Días después escribo estas líneas sentado en la terraza del Novelty, en medio del esplendor de la Plaza Mayor de Salamanca y dándole la espalda a Torrente Ballester, cuya escultura luce en el interior en la misma mesa en la que tomaba café cada día. Estoy en las afueras de ese bar centenario en el que, antes que Torrente pero también con él, se sentaron los más ilustres culos de nuestra intelectualidad de los años 30, aquellos años en que fundaron esa República de trabajadores en alpargatas, o esa República en alpargatas de trabajadores que acabaron enzarzados entre ellos antes de que Franco les pacificara a toque de rebato y degüello. Lo digo porque, si miro a la izquierda, a tan solo unos metros, hasta hace poco estaba en uno de los arcos pétreos de la plaza un medallón con su rostro. Ya no, fue erradicado de su orla por la aplicación de la Ley de Memoria Histórica, que a veces parece querer borrar la memoria y la misma historia.

Es de suponer que esa ley, por otra parte justificada para compensar los ultrajes de una derrota y una posguerra en la que a los perdedores les negaron los más elementales derechos, no va a escarbar aún más en tiempos anteriores buscando sátrapas, monarcas absolutistas o impostores, dictadores o guerreros porque entonces, de los más de 60 medallones que veo a mi alrededor extirparían el del cazaliberales Fernando VII que a mi espalda está en lo alto, o el de Pedro el Cruel, que era muy suyo, o el de los Reyes Católicos, que arrasaron a sangre y fuego a los infieles, o el de Hernán Cortés, un conquistador que, según esos ayayais plañideros de la progresía que mira la historia de España entre lamentos, dándose golpes de pecho con complejo de culpa, sojuzgó culturas autóctonas y pasó por la espada a los nativos que las sustentaban allá por las Indias. Esos quejicas a los que la palabra España les quema entre las manos, la sustituyen por "estado español" y evitan como pusilánimes su bandera. Nos quedaríamos sin rosetones en la Plaza Mayor si seguimos mirando hacia atrás en la historia en busca de culpables, pero la verdad es que yo estoy más preocupado por mi gin tonic, no vaya a ser que se me deshaga el hielo y deje aguada la ginebra.

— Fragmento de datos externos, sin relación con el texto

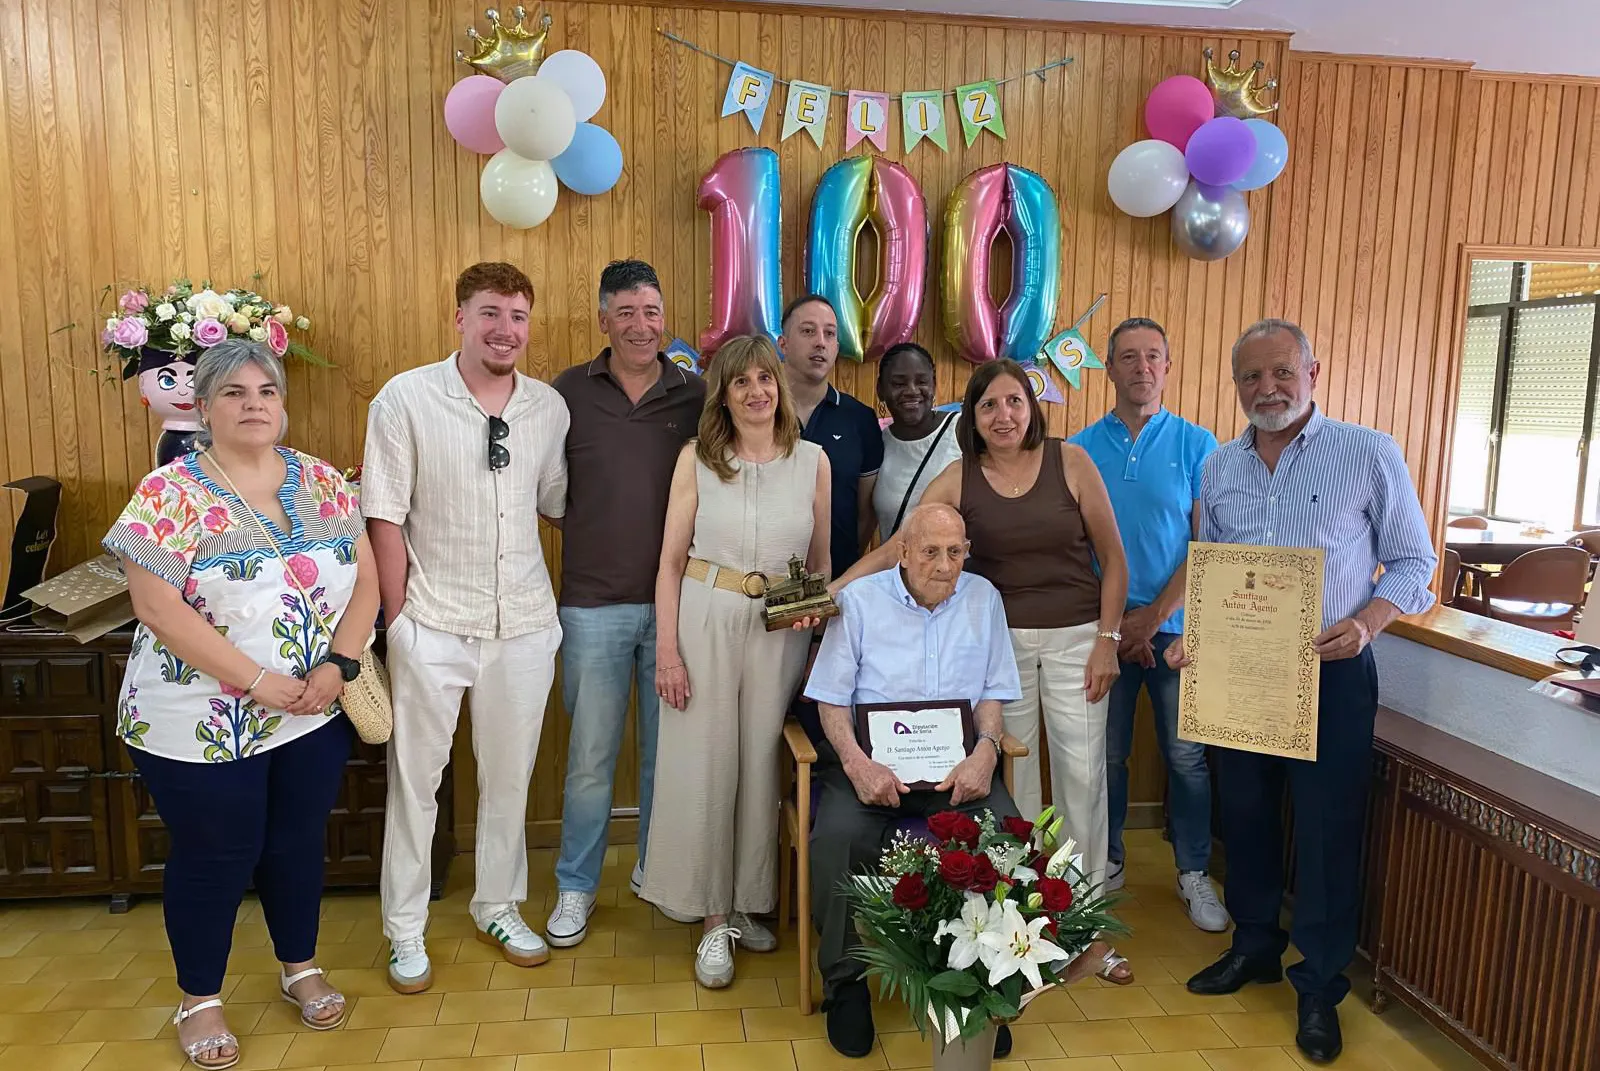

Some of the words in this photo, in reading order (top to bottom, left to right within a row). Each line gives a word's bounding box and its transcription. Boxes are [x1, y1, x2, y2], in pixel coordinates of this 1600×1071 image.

[738, 75, 992, 132] FELIZ
[696, 147, 1062, 365] 100
[1230, 589, 1268, 603] Santiago
[1221, 598, 1246, 609] Antón
[894, 745, 916, 754] Santiago
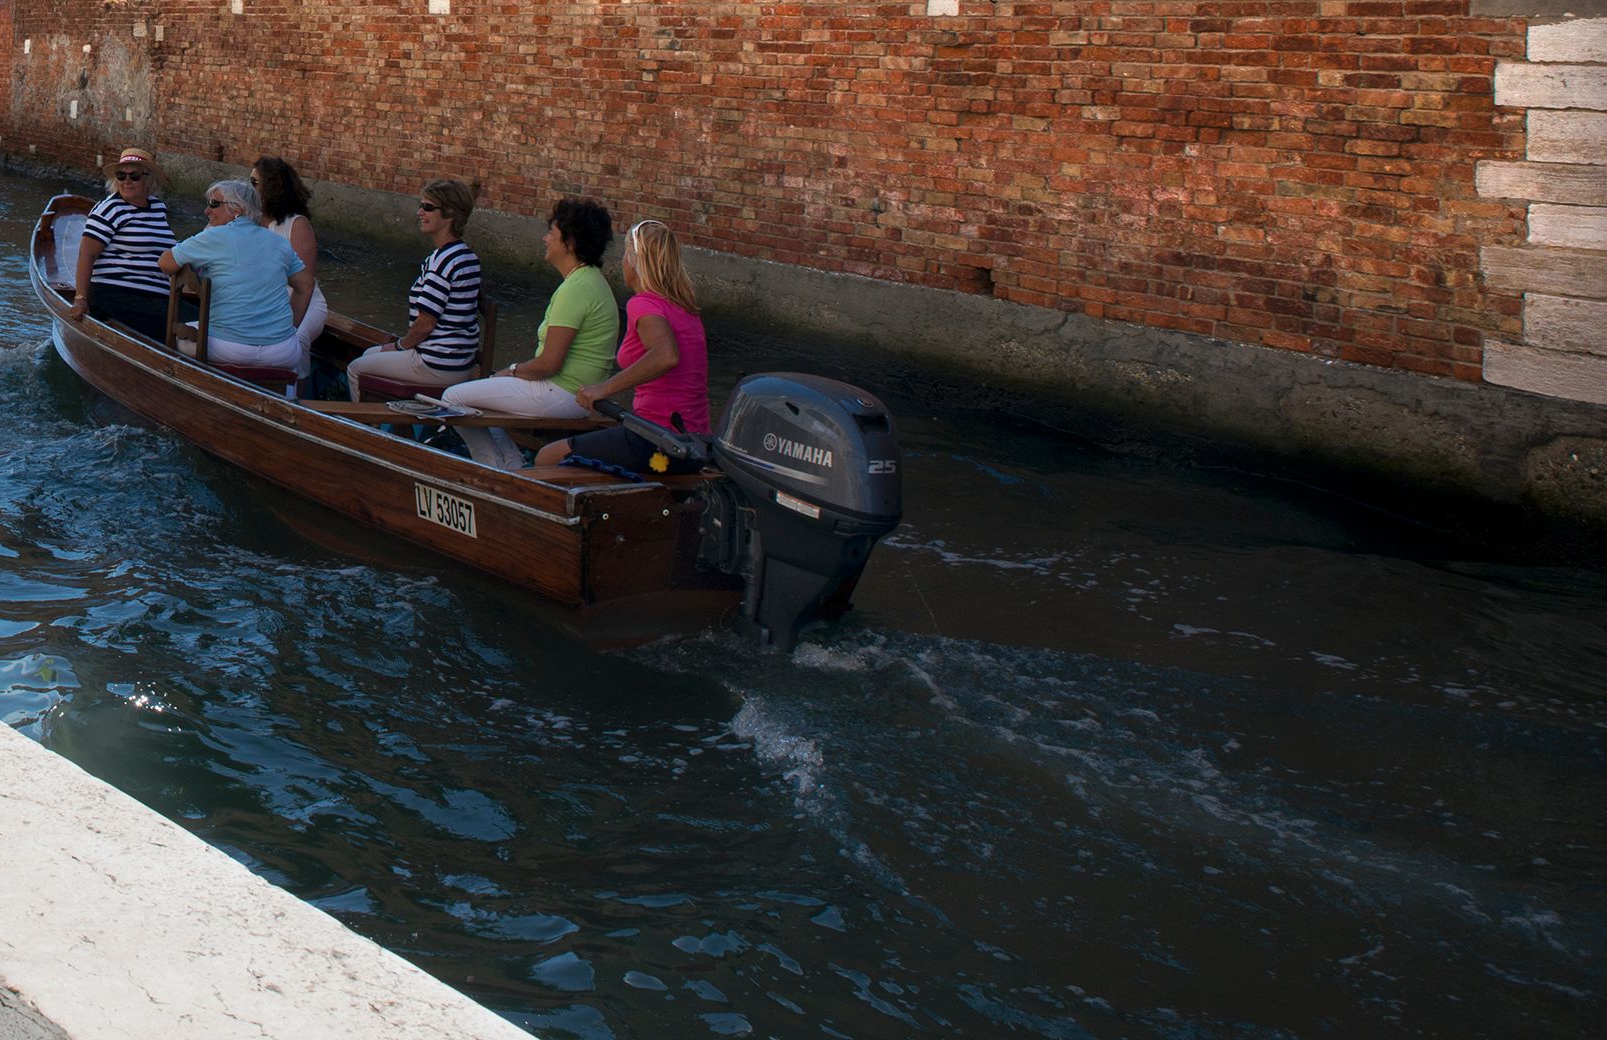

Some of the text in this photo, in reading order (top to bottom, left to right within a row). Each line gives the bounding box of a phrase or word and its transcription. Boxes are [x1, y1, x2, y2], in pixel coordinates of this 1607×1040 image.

[778, 437, 833, 468] YAMAHA
[868, 460, 896, 474] 25
[416, 485, 472, 534] LV 53057

Bebo un sorbo de gin tonic y veo pasar al personal por la plaza. Es como un desfile interminable de gentes que se entrecruzan en una de las plazas más bellas de España. Por ella pasearon y pasean muchos estudiantes gallegos en la Universidad de Salamanca, desde hace cinco siglos. Tengo un librillo sobre la mesa que compré en una librería de viejo que habla de aquellos estudiantes a los que ya en el siglo XVI se les ofrecían alojamientos que diferían según la calidad y precio, entre ellos el pupilaje. Los más leídos conocen esa fórmula que tan bien se refleja en esos libros que a Dios gracias nos obligaron a leer en tiempos colegiales, como El Buscón de Quevedo, El Guzmán de Alfarache de Mateo Alemán o El licenciado Vidriera de Cervantes. Las posibilidades eran muchas quedando fuera, dice mi librillo, "un enjambre inclasificable de estudiantes [?] pícaros y vagabundos sin residencia fija". Los que yo veo pasar, diezmados por las vacaciones de verano y cinco siglos después, parecen más protegidos. ¡Qué cosas piensa uno al calor del verano, sentado con pinta de guiri en una terraza, huido del estrés cotidiano!